Le risque est alors celui d’une répétition des actions précédentes. Or, cette répétition est déjà rendue précaire : 1) par le nombre décroissant de présents sur les points de mobilisation ; 2) par l’intervention des gendarmes sur les ronds-points et surtout sur ces sortes de petites ZAD qui s’y étaient assez spontanément formées ; 3) par les nouveaux dispositifs des forces de l’ordre au cours des manifestations du samedi qui tendent à transférer la violence réelle de la répression d’État qui lui aliène une grande partie de l’opinion publique sur une violence intrinsèque au mouvement du fait de son refus d’obtempérer aux appels gouvernementaux à cesser les manifestations. C’est le mouvement qui devient alors le fauteur de trouble et tous ceux qui y appellent sont ainsi coupables du délit d’intention, une forme de délit de plus en plus fabriquée au nom de l’urgence ou de l’exception (par exemple en ce qui concerne les entreprises terroristes), mais recyclable pour l’occasion [3].

De la négation à l’institutionnalisation ?

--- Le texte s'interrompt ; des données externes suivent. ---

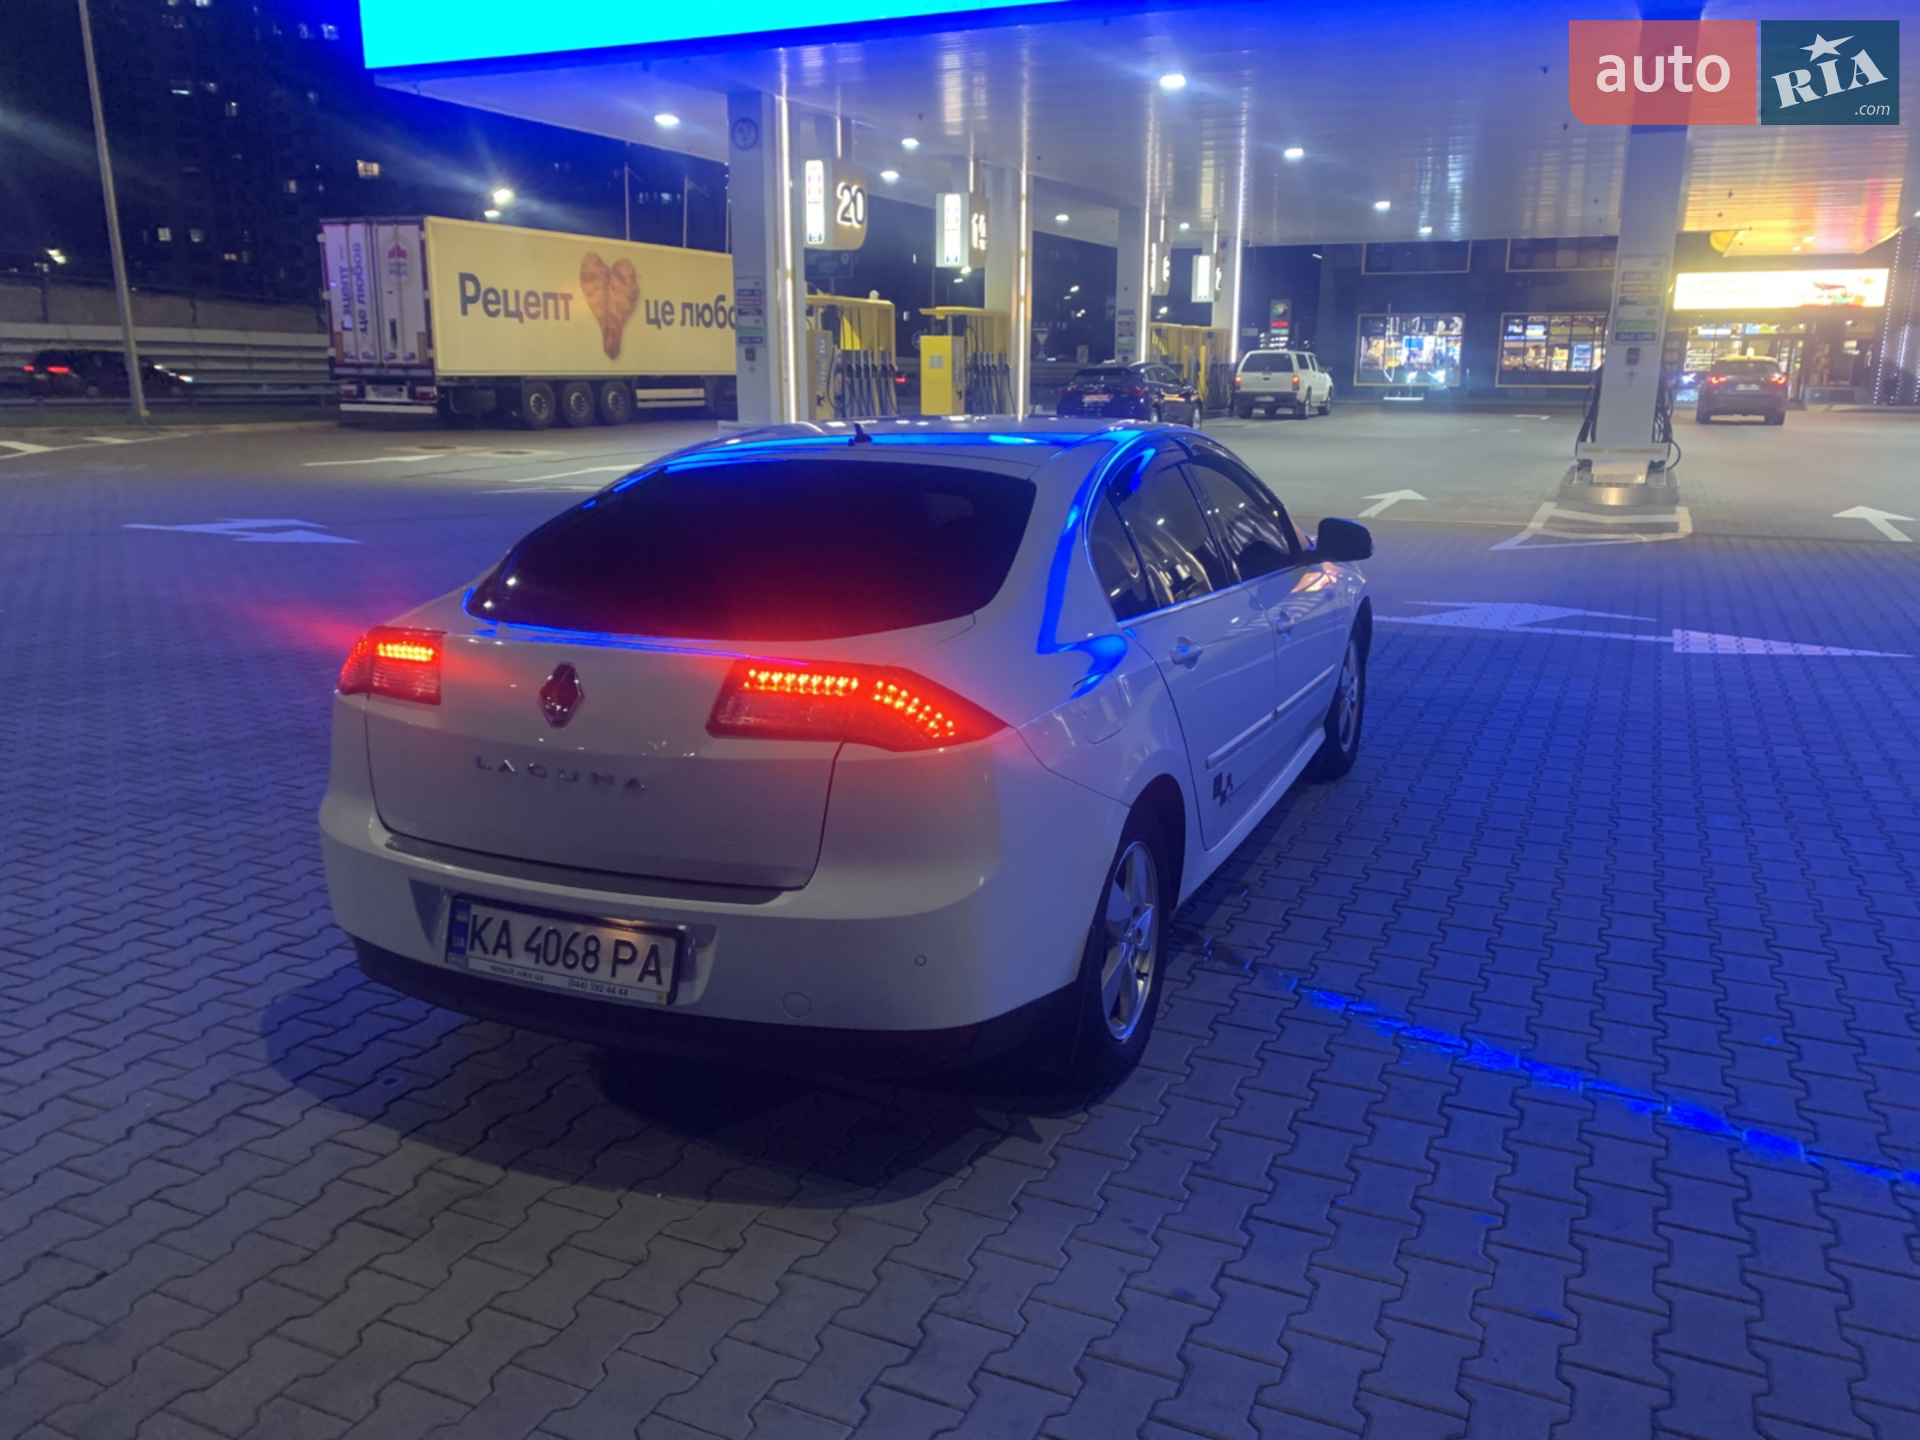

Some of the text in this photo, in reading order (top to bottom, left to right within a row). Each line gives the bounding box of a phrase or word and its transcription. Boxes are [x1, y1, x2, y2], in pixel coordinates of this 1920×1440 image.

Est-ce que nous sommes passés à une seconde phase, plus affirmative, celle du RIC que la première qui était plus négative (Macron-démission, Nous ne lâcherons rien, etc.) ? Ou alors le mouvement peut-il continuer en absorbant cette nouvelle proposition électoraliste qui semble pourtant une porte de sortie pour ceux qui, parmi les Gilets jaunes, ont pris acte que Macron ne démissionnera pas ?

Si le RIC détruit la dynamique immédiate du mouvement, c’est parce que sa base actuelle, celle des ronds-points et des manifestations du samedi, ne porte pas de dynamique historique claire, d’autant que la pratique des assemblées comme l’idée de délégation trouvent peu d’écho ou alors créent des divisions au sein du mouvement. C’est parce qu’il est justement incapable de rendre historique sa dynamique sur une base assembléiste, qu’il peut se réfugier dans le RIC. Un référendum, pour certains un exemple de démocratie directe, mais pour nous le risque d’un début d’institutionnalisation du mouvement [4]— ou pire la naissance d’un mouvement type Cinq étoiles comme en Italie.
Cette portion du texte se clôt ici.